Saved data entries:

Content starts

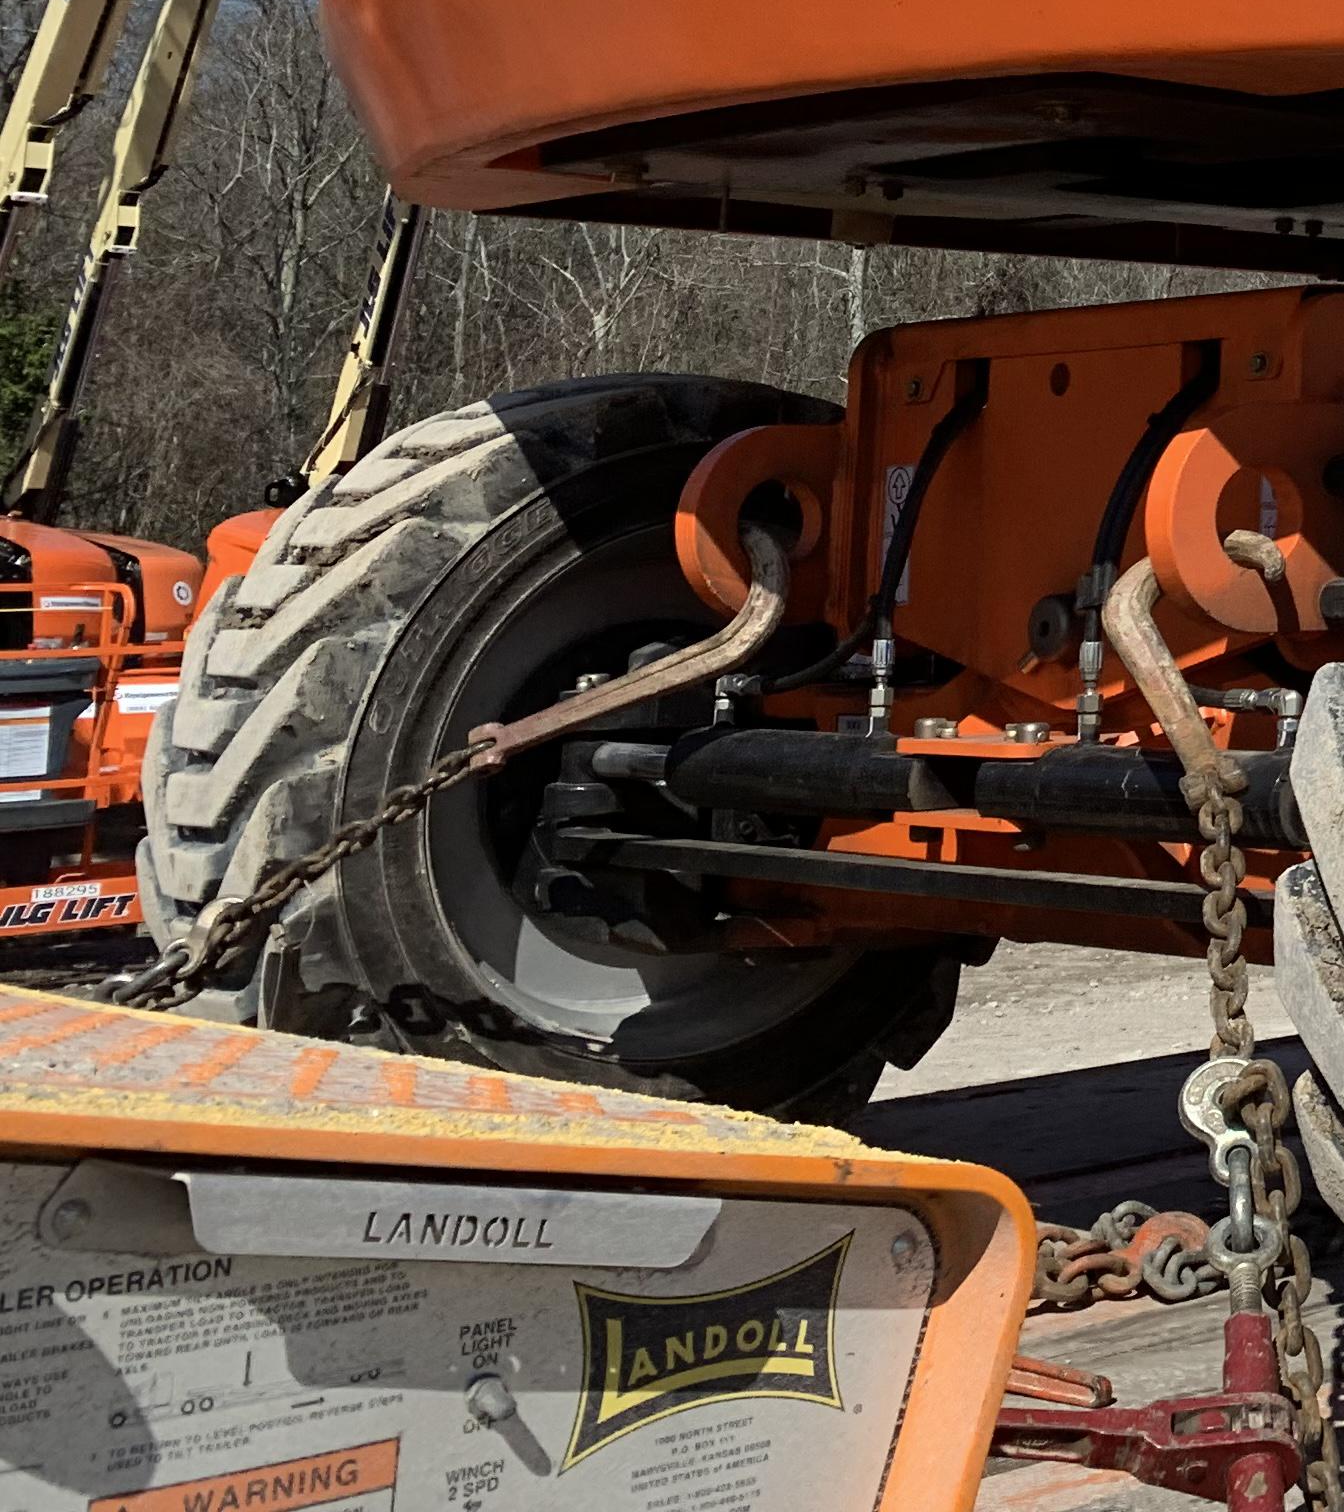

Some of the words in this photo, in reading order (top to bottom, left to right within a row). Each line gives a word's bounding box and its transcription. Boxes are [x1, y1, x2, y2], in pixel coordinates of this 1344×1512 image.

[58, 892, 137, 923] LIFT
[362, 1211, 554, 1249] LANDOLL
[64, 1256, 233, 1303] OPERATION
[459, 1317, 518, 1339] PANEL
[461, 1332, 517, 1356] LIGHT
[472, 1351, 499, 1369] ON
[596, 1317, 816, 1425] LANDOLL
[182, 1457, 361, 1512] WARNING
[445, 1459, 505, 1486] WINCH
[447, 1487, 458, 1502] 2
[462, 1476, 500, 1499] SPD

Content ends

> [EXERCISE OBJECTIVE]: Print the data once more without any change, skipping each picture.

> [OUTPUT OF THE TASK]:
Some of the words in this photo, in reading order (top to bottom, left to right within a row). Each line gives a word's bounding box and its transcription. Boxes are [x1, y1, x2, y2], in pixel coordinates of this 1344×1512 image.

[58, 892, 137, 923] LIFT
[362, 1211, 554, 1249] LANDOLL
[64, 1256, 233, 1303] OPERATION
[459, 1317, 518, 1339] PANEL
[461, 1332, 517, 1356] LIGHT
[472, 1351, 499, 1369] ON
[596, 1317, 816, 1425] LANDOLL
[182, 1457, 361, 1512] WARNING
[445, 1459, 505, 1486] WINCH
[447, 1487, 458, 1502] 2
[462, 1476, 500, 1499] SPD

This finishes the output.